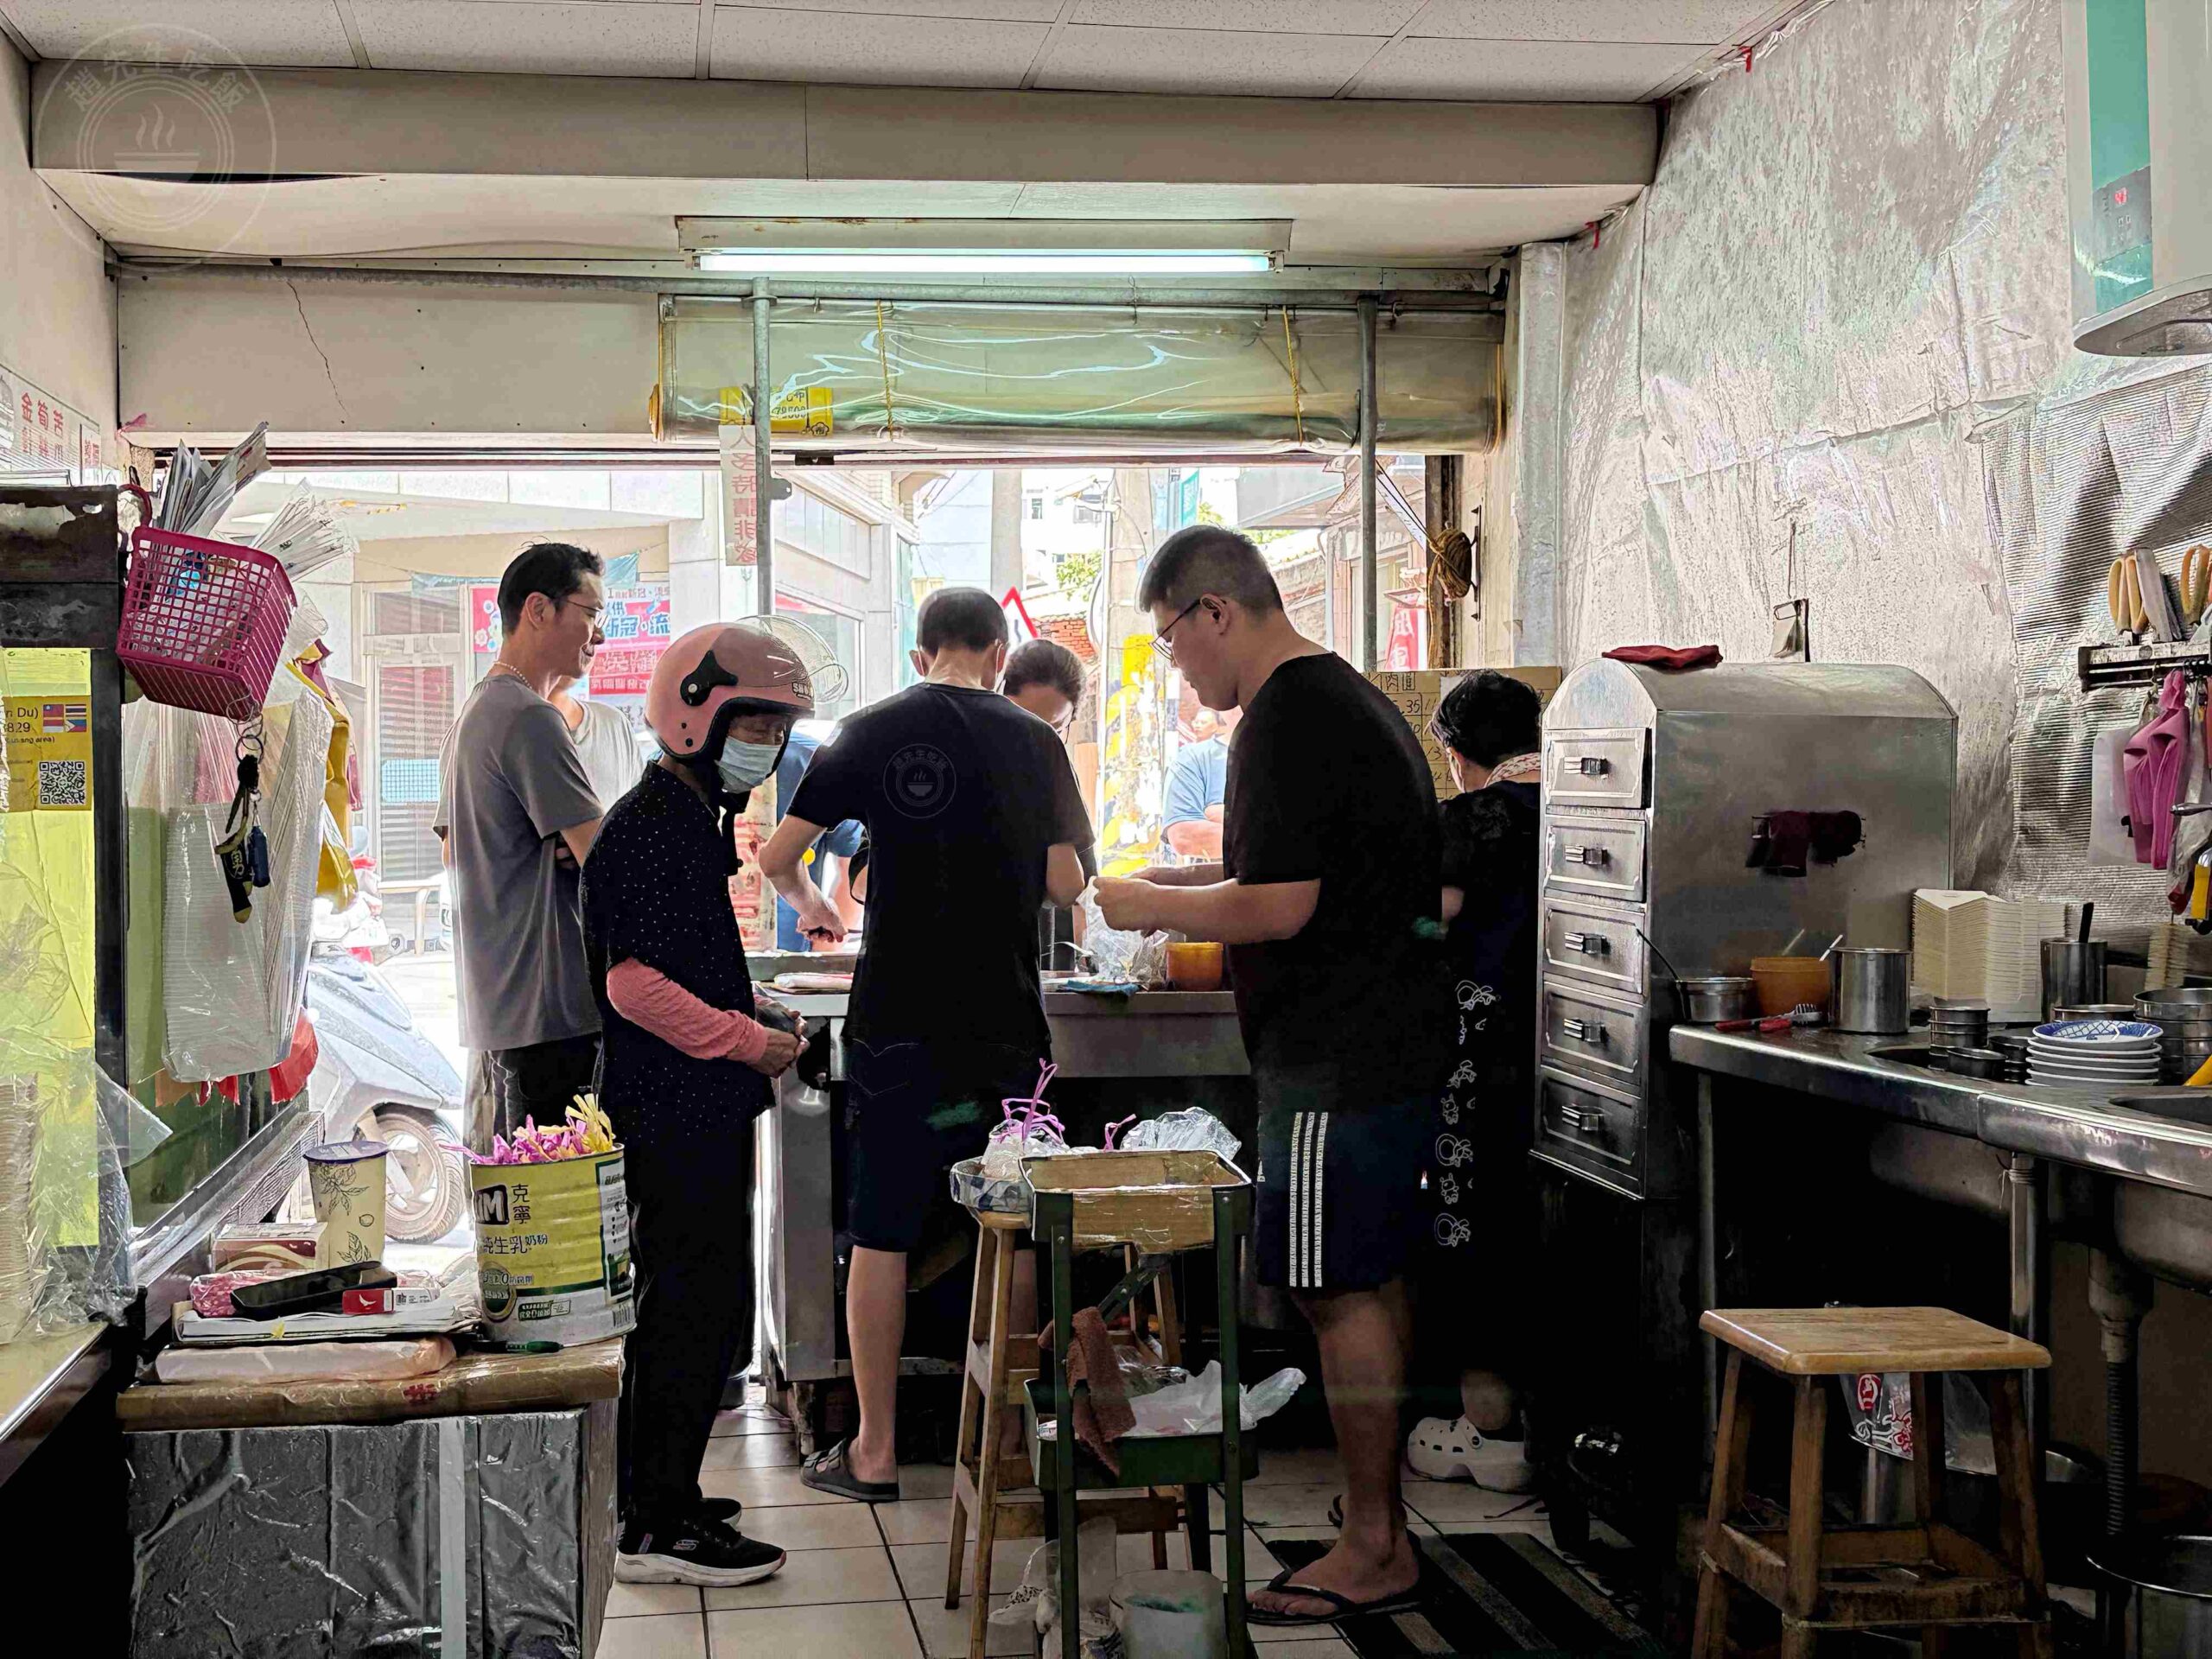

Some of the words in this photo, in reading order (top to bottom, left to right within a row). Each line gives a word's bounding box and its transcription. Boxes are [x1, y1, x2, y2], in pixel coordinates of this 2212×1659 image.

[17, 707, 39, 719] Du)
[475, 1190, 505, 1221] IM
[512, 1183, 531, 1224] 克寧
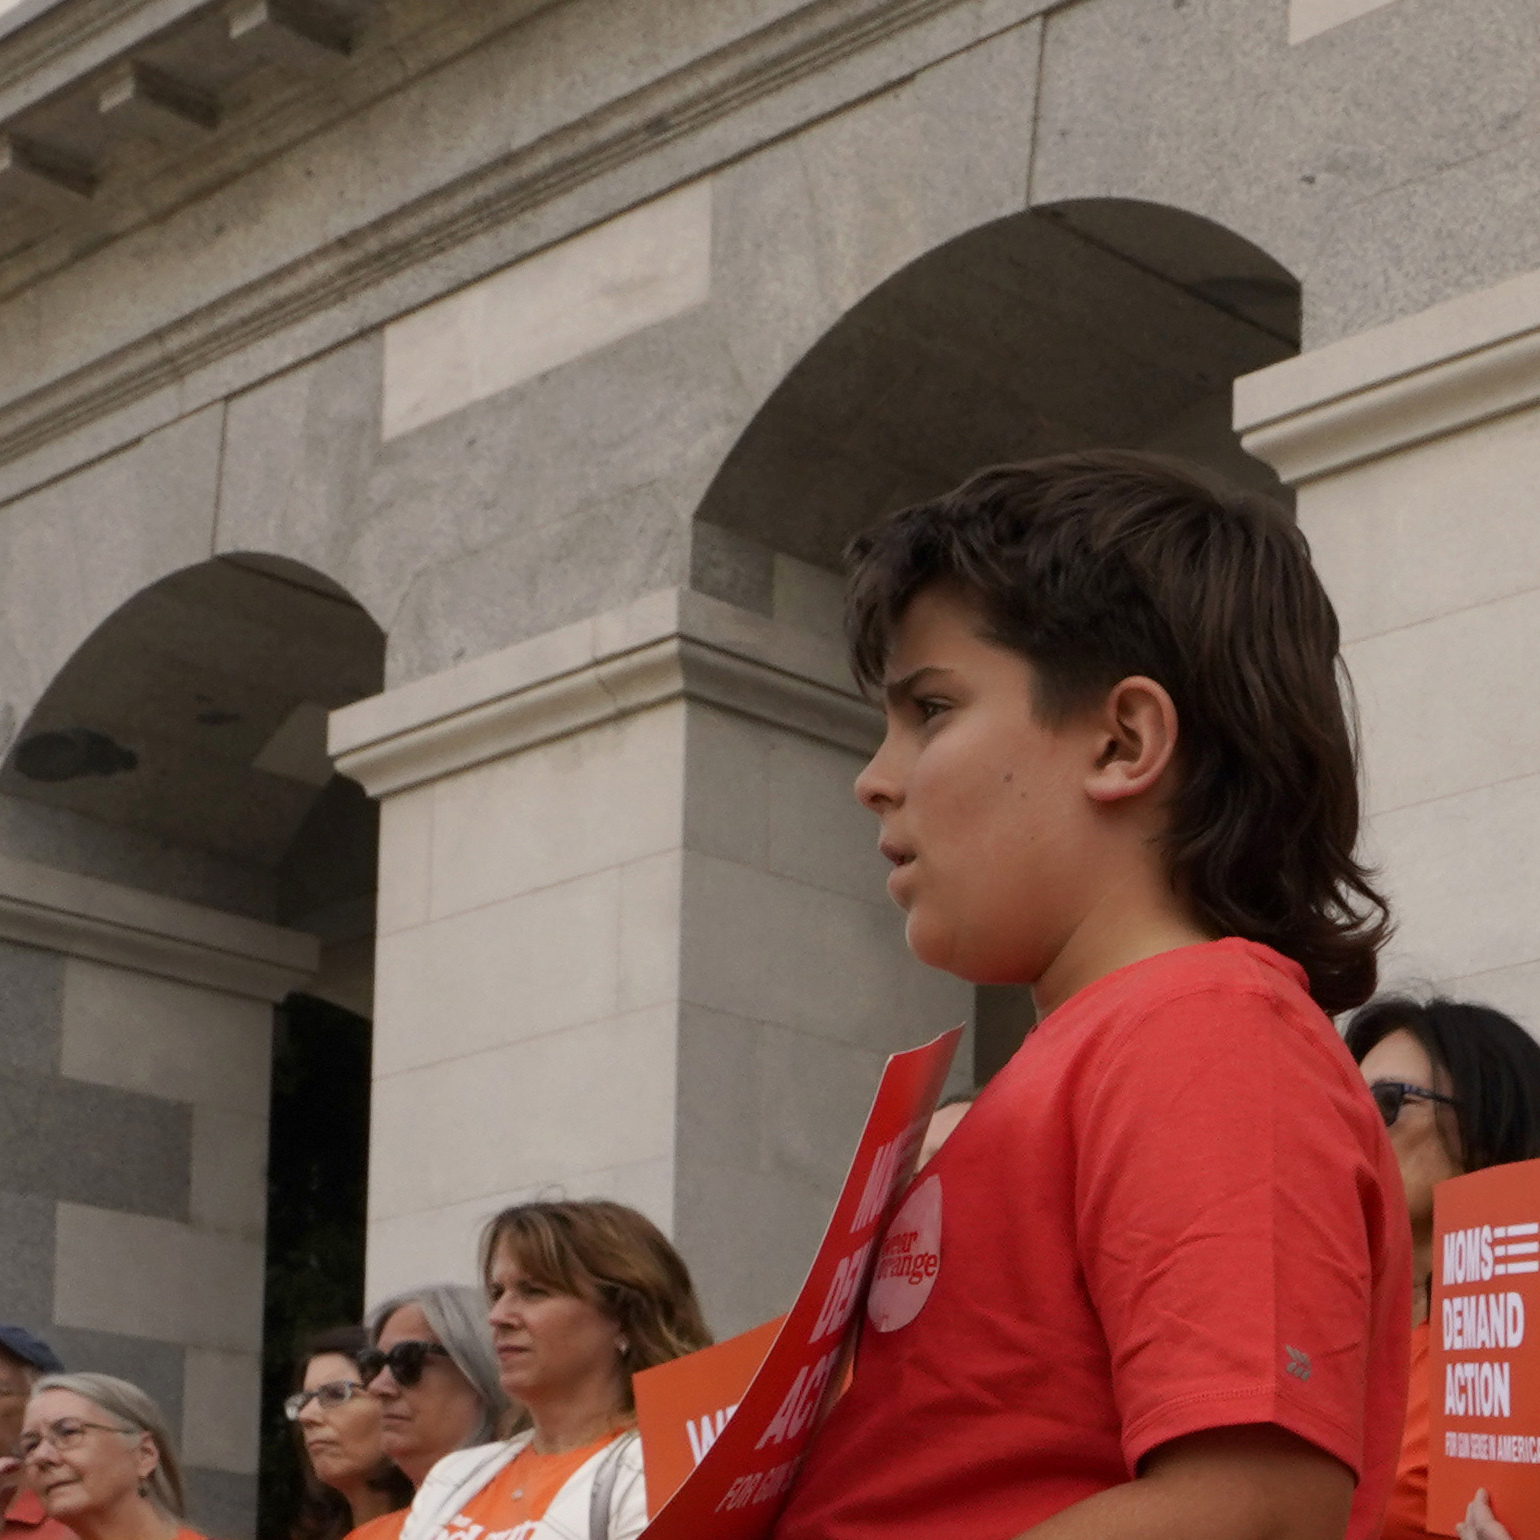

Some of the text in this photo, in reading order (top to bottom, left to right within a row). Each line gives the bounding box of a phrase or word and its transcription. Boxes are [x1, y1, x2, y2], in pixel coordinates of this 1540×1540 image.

[1442, 1225, 1494, 1286] MOMS
[1442, 1292, 1525, 1351] DEMAND
[1444, 1362, 1511, 1418] ACTION

################

Only the text of the entries above, transcribed exactly, should be given; leave out pictures.

Some of the words in this photo, in reading order (top to bottom, left to right within a row). Each line gives a word's bounding box and its transcription. Boxes are [x1, y1, x2, y2], in pixel coordinates of this 2212×1659 image.

[17, 707, 39, 719] Du)
[475, 1190, 505, 1221] IM
[512, 1183, 531, 1224] 克寧

Some of the text in this photo, in reading order (top to bottom, left to right within a row). Each line gives the bounding box of a phrase or word and its transcription. Boxes are [x1, y1, x2, y2], in pixel coordinates of this 1540×1540 image.

[1442, 1225, 1494, 1286] MOMS
[1442, 1292, 1525, 1351] DEMAND
[1444, 1362, 1511, 1418] ACTION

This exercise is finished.